Good rule of thumb: if they are talking about it on TV, it is a bad idea to invest in it.
Case and point AI. The financial news channel on display at my gym is constantly talking about how much the AI market has grown. I am sure there is no motive from anyone to do a rug pull when more normies throw their money at the next hyped up thing.
I would not be surprised if the clot shots are not a helpful factor either, but this issue has been a problem before that was a factor. So we cannot blame that this sort of thing.
An overall smaller population would not be a problem if it was only temporarily retracting. Populations were lower overall. But there has not been a case where a feminist induced trend of low birth rates has been reversed. The only chance is if our faggot US government fucks off from controlling their vassal states.

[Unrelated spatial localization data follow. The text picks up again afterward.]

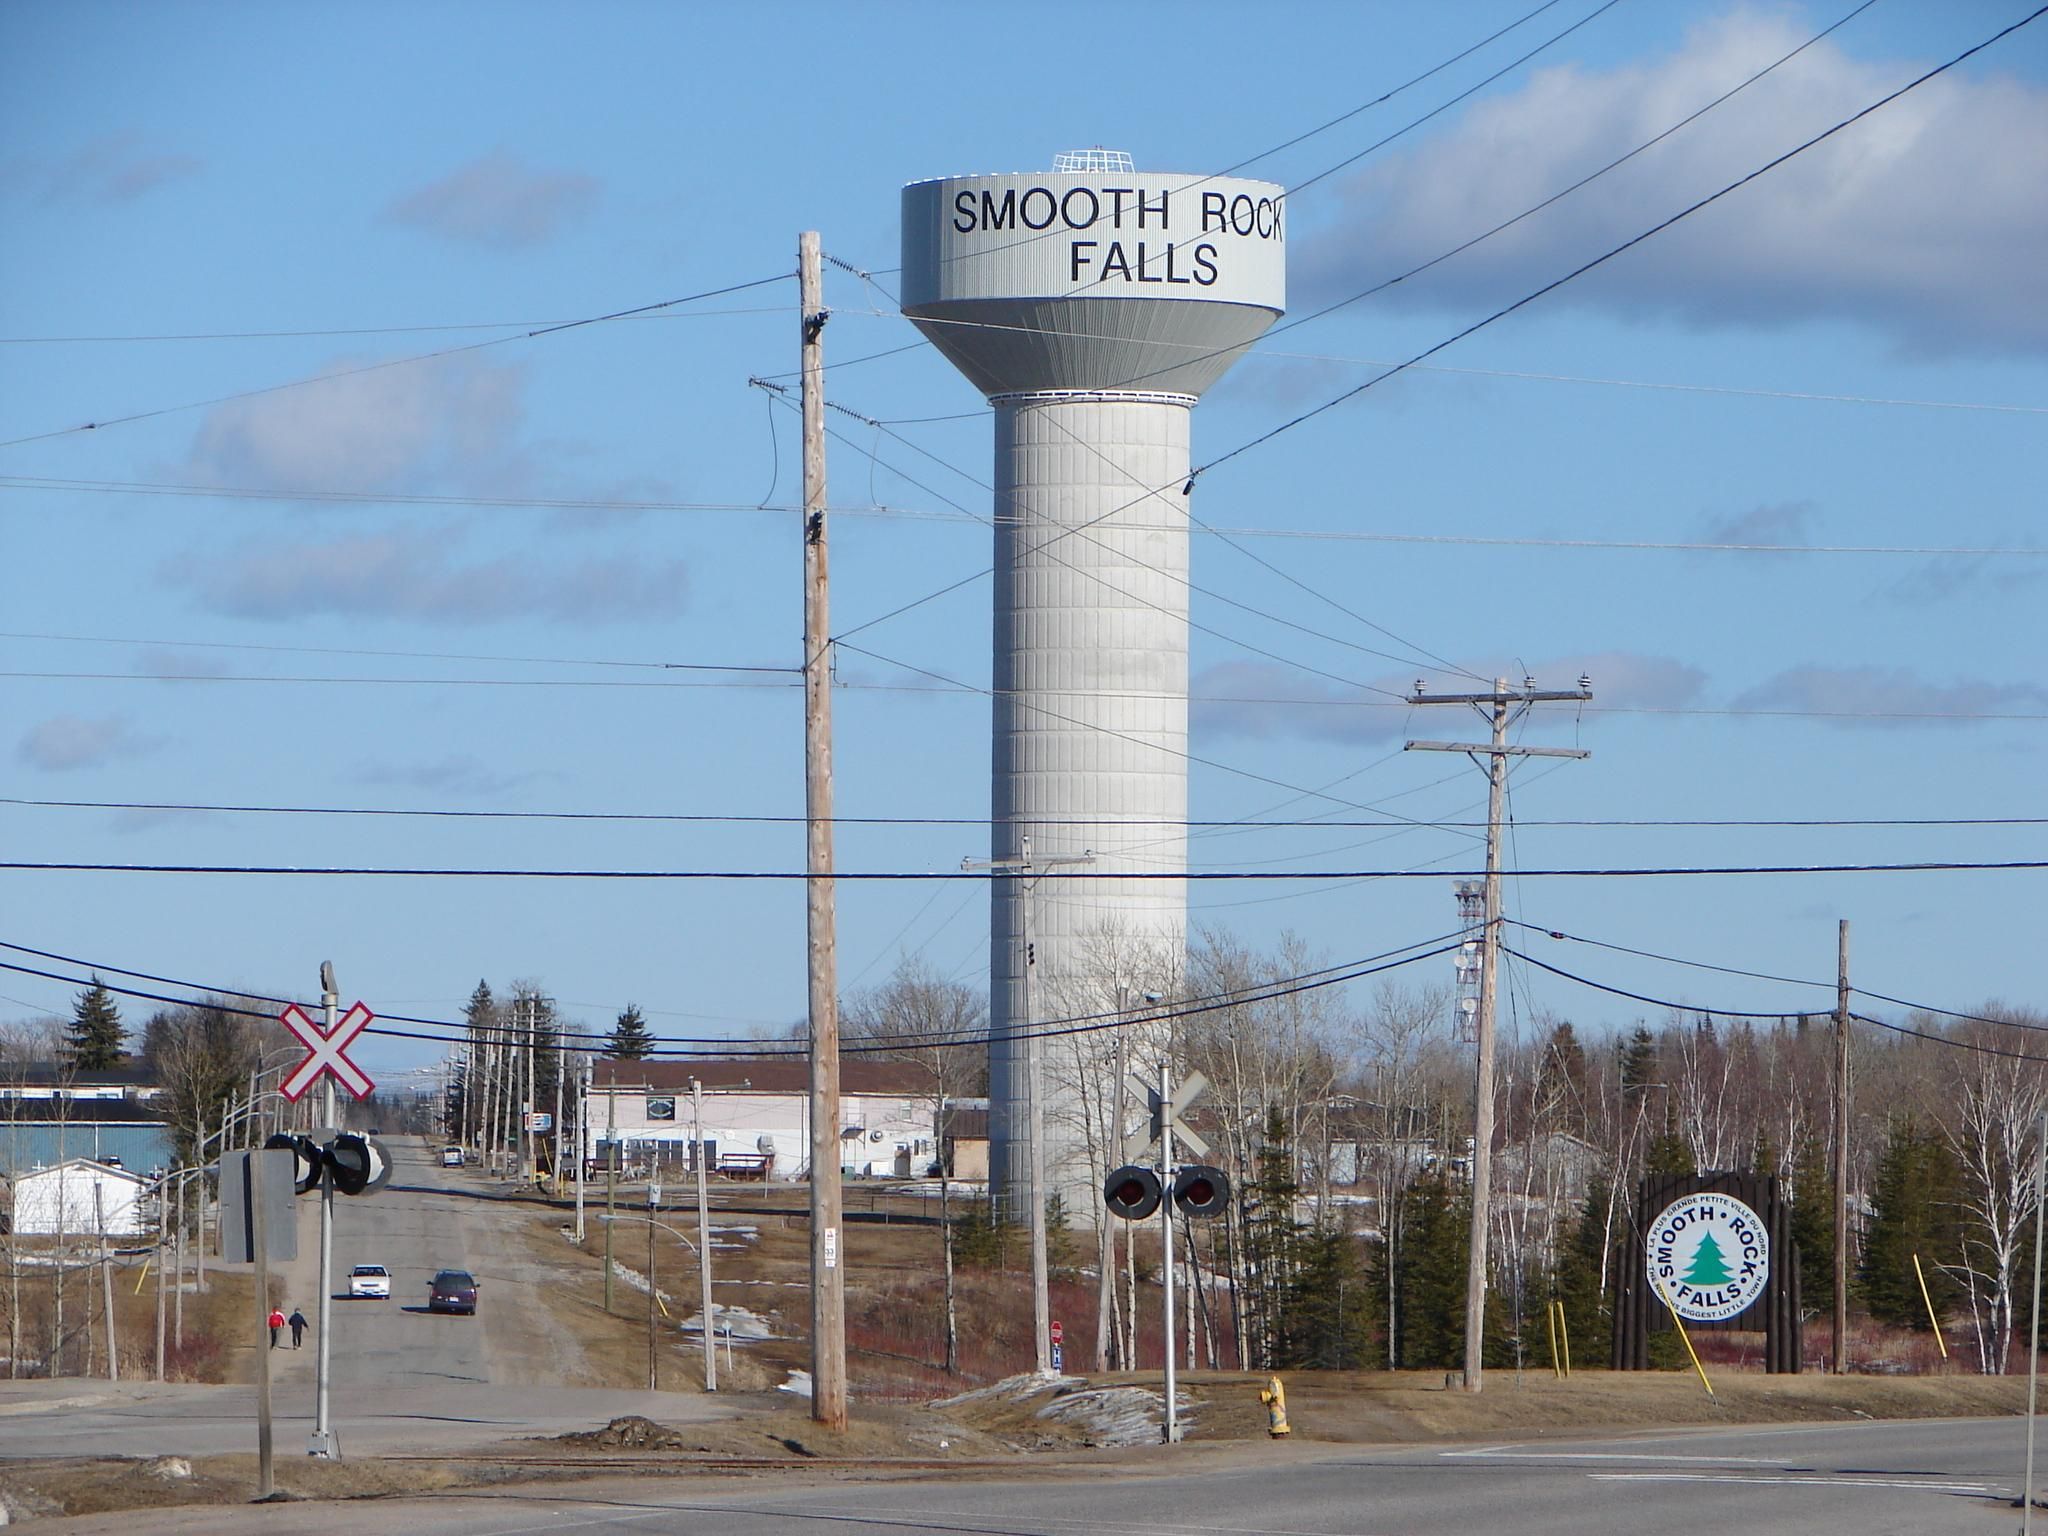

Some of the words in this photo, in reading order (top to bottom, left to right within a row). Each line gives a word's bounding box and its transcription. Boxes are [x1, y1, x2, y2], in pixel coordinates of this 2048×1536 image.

[953, 188, 1169, 233] SMOOTH
[1202, 191, 1283, 243] ROCK
[1071, 241, 1219, 286] FALLS
[1648, 1238, 1656, 1248] LA
[1652, 1216, 1667, 1236] PLUS
[1666, 1197, 1698, 1217] GRANDE
[1700, 1195, 1728, 1206] PETITE
[1730, 1202, 1751, 1219] VILLE
[1749, 1219, 1760, 1231] DU
[1756, 1231, 1766, 1255] NORD
[1657, 1206, 1714, 1278] SMOOTH
[1729, 1217, 1759, 1279] ROCK
[1649, 1265, 1657, 1282] THE
[1681, 1307, 1717, 1318] BIGGEST
[1718, 1299, 1745, 1317] LITTLE
[1747, 1275, 1763, 1298] TOWN
[1677, 1284, 1741, 1308] FALLS

Maybe throwing more money at the problem is not the solution. If women really, really wanted to have babies, they would do so without futile attempts to bribe them.
And I include becoming a wife-material woman as an aspect of the "want to have babies."
I thought the South Korean President who got elected promised to roll back feminist laws. How about you do that?
Looks like this will be my new home. Warning: I (probably) have Asperger's, so my be prepared for my autism to show through.
I don't think I am a right wing extremist, but I am sure anyone with low testosterone might think otherwise.